The InfoSCC-GAN architecture is based on an unsupervised contrastive encoder built on the InfoNCE paradigm, attributes' classifier, and stochastic EigenGAN generator. We propose two approaches for selecting the class attributes: external attributes from the dataset annotations and internal attributes from the clustered latent space of the encoder. We propose a novel training method based on a generator regularization using external or internal attributes every $n$-th iteration using the pre-trained contrastive encoder and pre-trained attributes’ classifier. The proposed InfoSCC-GAN is derived from an information-theoretic formulation of mutual information maximization between the input data and latent space representation for the encoder and the latent space and generated data for the decoder.
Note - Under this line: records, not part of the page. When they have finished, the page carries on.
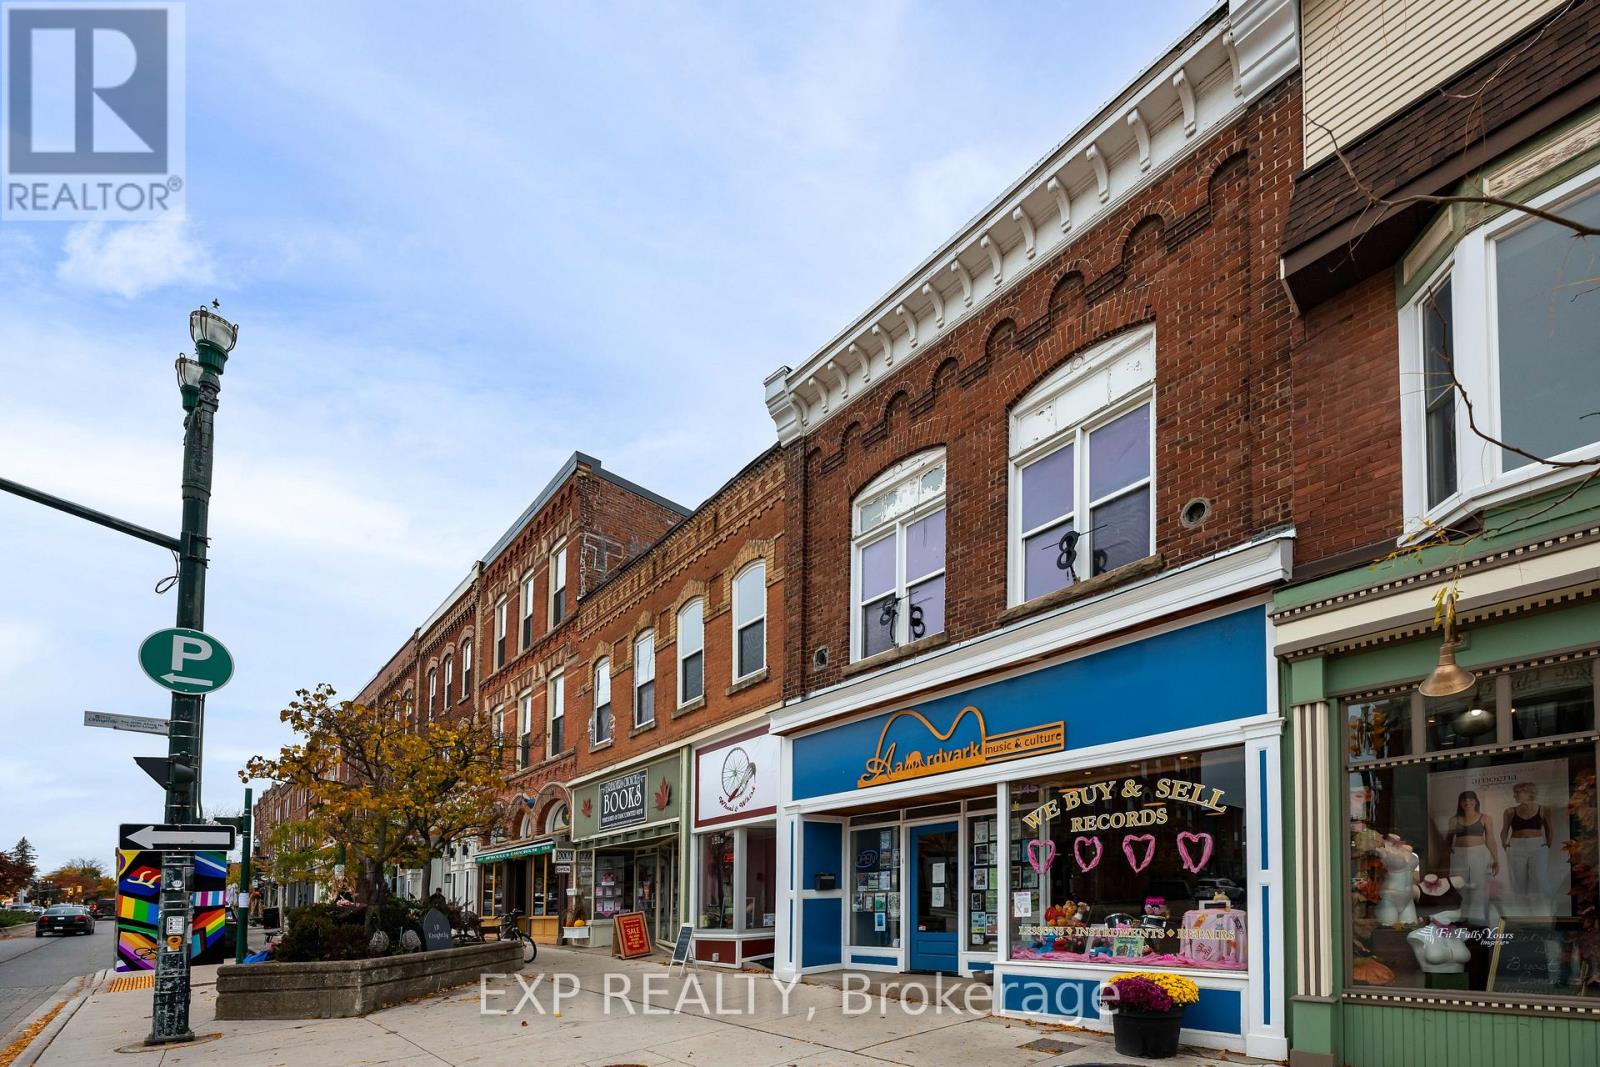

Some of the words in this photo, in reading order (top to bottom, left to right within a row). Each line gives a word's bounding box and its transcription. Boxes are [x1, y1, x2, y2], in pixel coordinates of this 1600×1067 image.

[171, 635, 213, 671] P
[985, 743, 1012, 755] music
[1014, 740, 1022, 749] &
[1024, 732, 1062, 747] culture
[603, 784, 642, 814] BOOKS
[1022, 799, 1061, 829] WE
[1063, 780, 1117, 811] BUY
[1121, 779, 1142, 798] &
[1155, 778, 1228, 812] SELL
[1070, 807, 1168, 833] RECORDS
[627, 927, 641, 935] SALE
[1018, 926, 1065, 937] LESSONS
[1074, 926, 1165, 939] INSTRUMENTS
[1177, 928, 1236, 940] REPAIRS
[1436, 927, 1452, 939] Fit
[1455, 927, 1483, 942] Fully
[1482, 926, 1514, 939] Yours
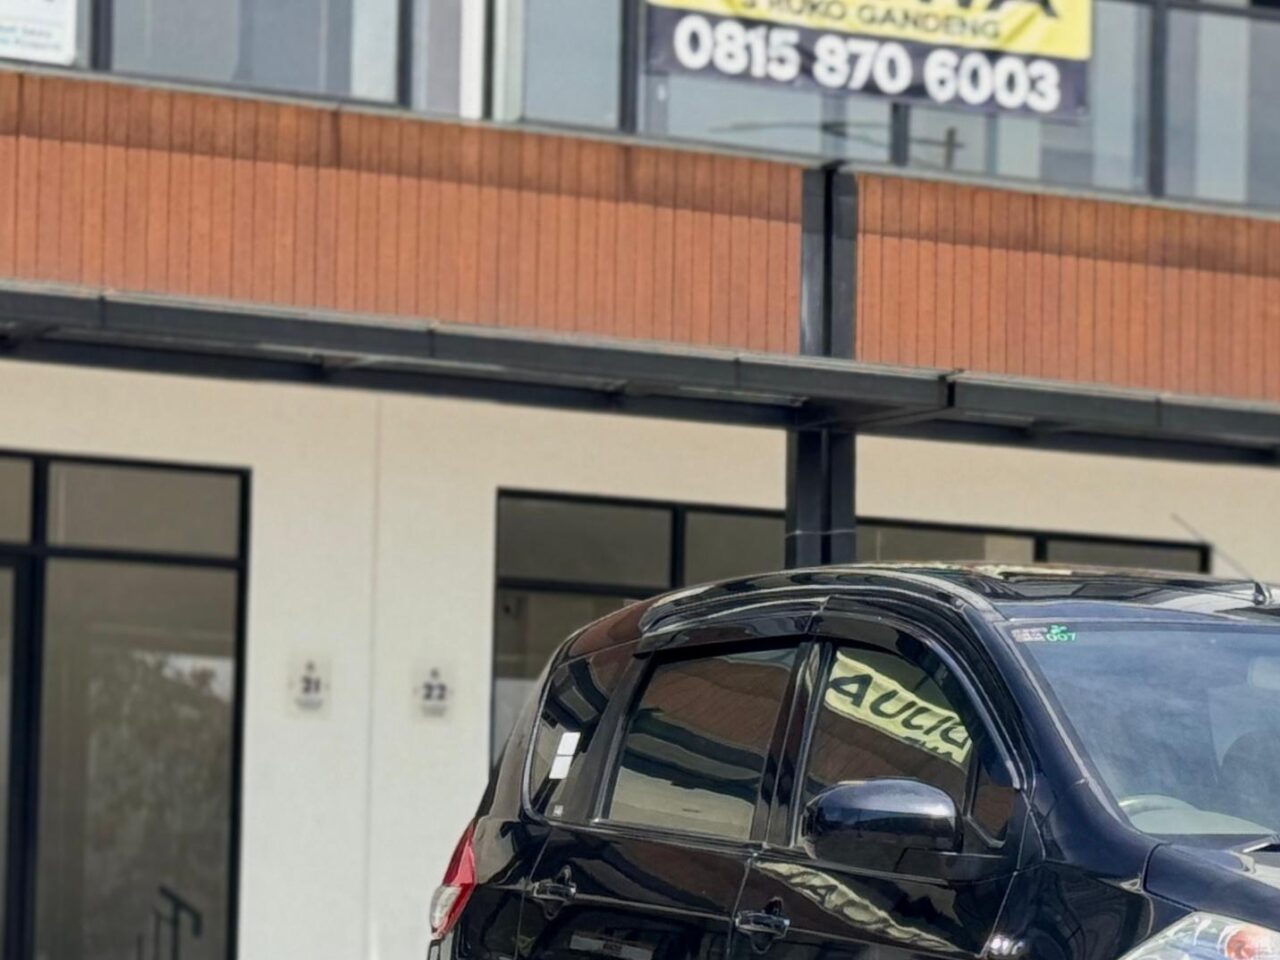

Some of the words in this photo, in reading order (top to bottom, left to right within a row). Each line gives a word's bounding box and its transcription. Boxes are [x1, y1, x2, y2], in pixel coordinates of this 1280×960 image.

[857, 4, 1000, 39] GANDENG
[673, 14, 800, 80] 0815
[812, 33, 912, 94] 870
[924, 48, 1061, 113] 6003
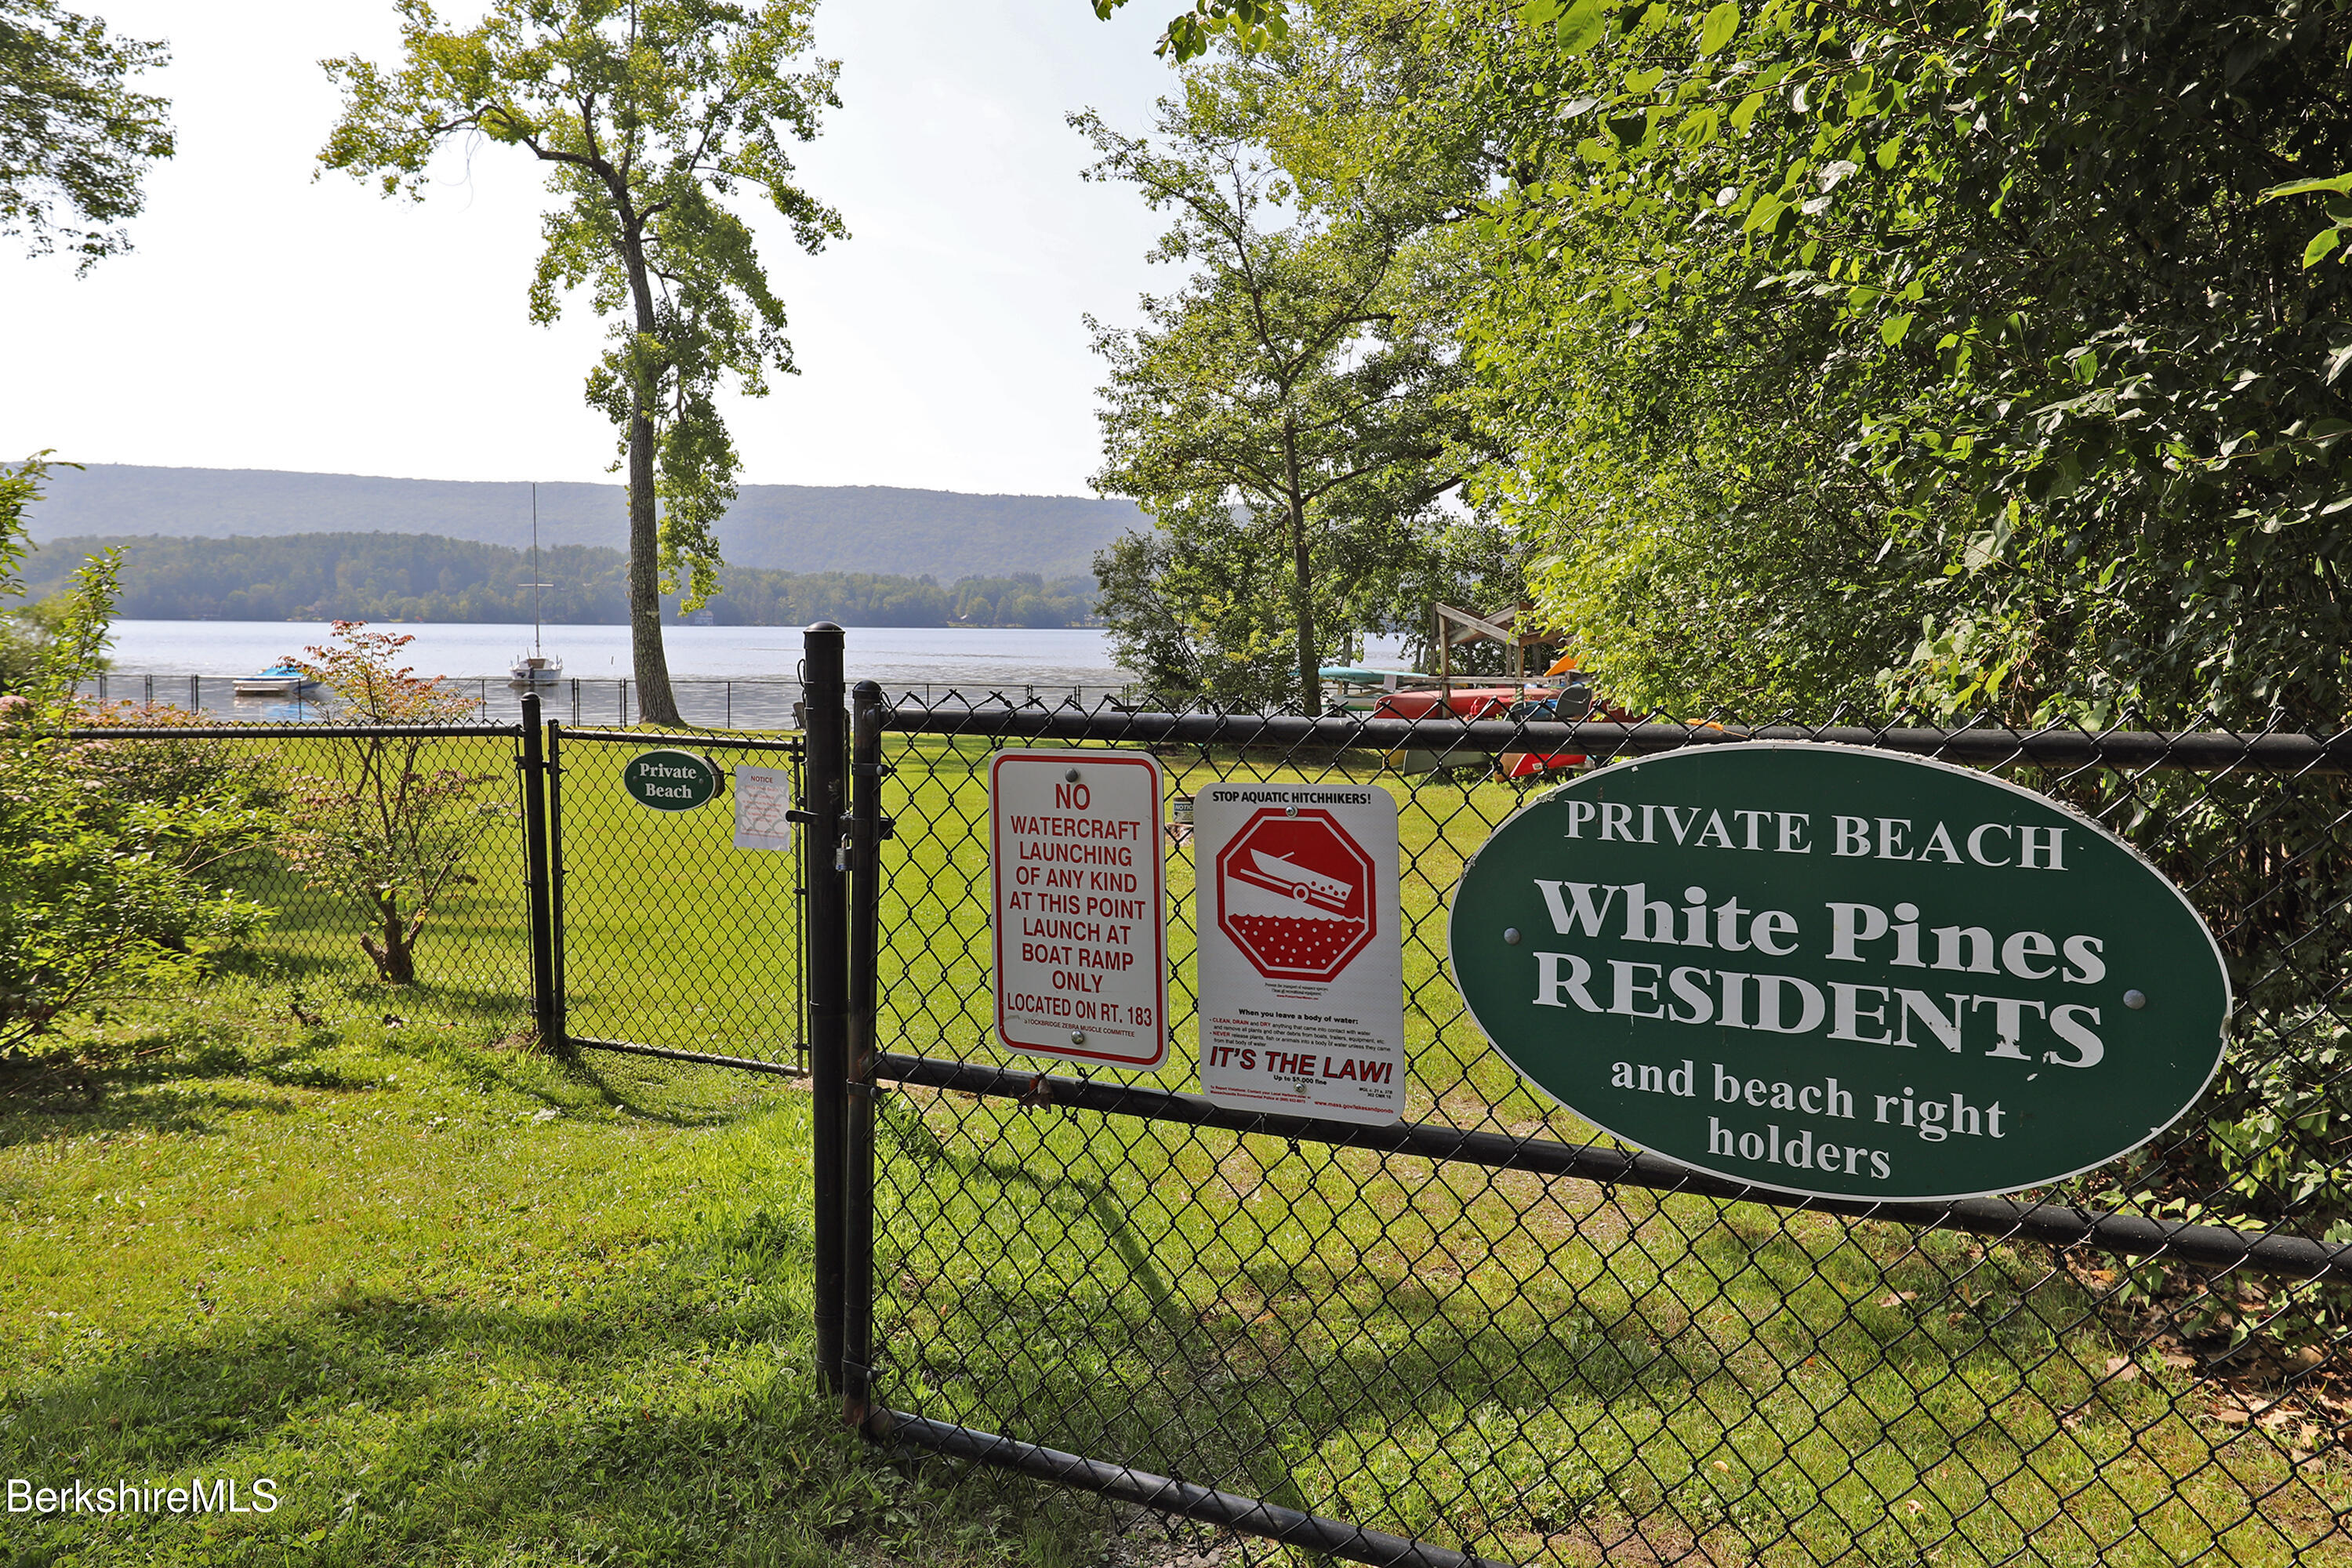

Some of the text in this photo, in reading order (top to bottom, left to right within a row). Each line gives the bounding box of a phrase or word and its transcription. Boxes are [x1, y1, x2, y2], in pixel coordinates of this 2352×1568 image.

[640, 763, 696, 779] Private
[750, 775, 773, 784] NOTICE
[645, 783, 693, 799] Beach
[1056, 783, 1091, 810] NO
[1213, 791, 1371, 804] STOP AQUATIC HITCHHIKERS!
[1011, 815, 1141, 840] WATERCRAFT
[1564, 800, 2070, 871] PRIVATE BEACH
[1020, 841, 1132, 866] LAUNCHING
[1016, 866, 1137, 893] OF ANY KIND
[1010, 891, 1145, 920] AT THIS POINT
[1023, 917, 1131, 945] LAUNCH AT
[1534, 879, 2106, 985] White Pines
[1022, 942, 1134, 971] BOAT RAMP
[1052, 970, 1103, 993] ONLY
[1007, 993, 1152, 1027] LOCATED ON RT. 183
[1533, 952, 2104, 1068] RESIDENTS
[1024, 1019, 1061, 1028] STOCKBRIDGE
[1080, 1025, 1102, 1033] MUSCLE
[1103, 1028, 1135, 1037] COMMITTEE
[1210, 1047, 1393, 1084] IT'S THE LAW!
[1611, 1058, 2006, 1142] and beach right
[1708, 1116, 1891, 1179] holders
Thus, we demonstrate a link between the training objective functions and the above information-theoretic formulation. The experimental results show that InfoSCC-GAN outperforms vanilla EigenGAN in image generation on several popular datasets, yet providing an interpretable latent space. In addition, we investigate the impact of regularization techniques and each part of the system by performing an ablation study.
Finally, we demonstrate that thanks to the stochastic EigenGAN generator, the proposed framework enjoys a truly stochastic generation of natural images and galaxy images in contrast to vanilla deterministic GANs yet with the independent training of an encoder, a classifier, and a generator.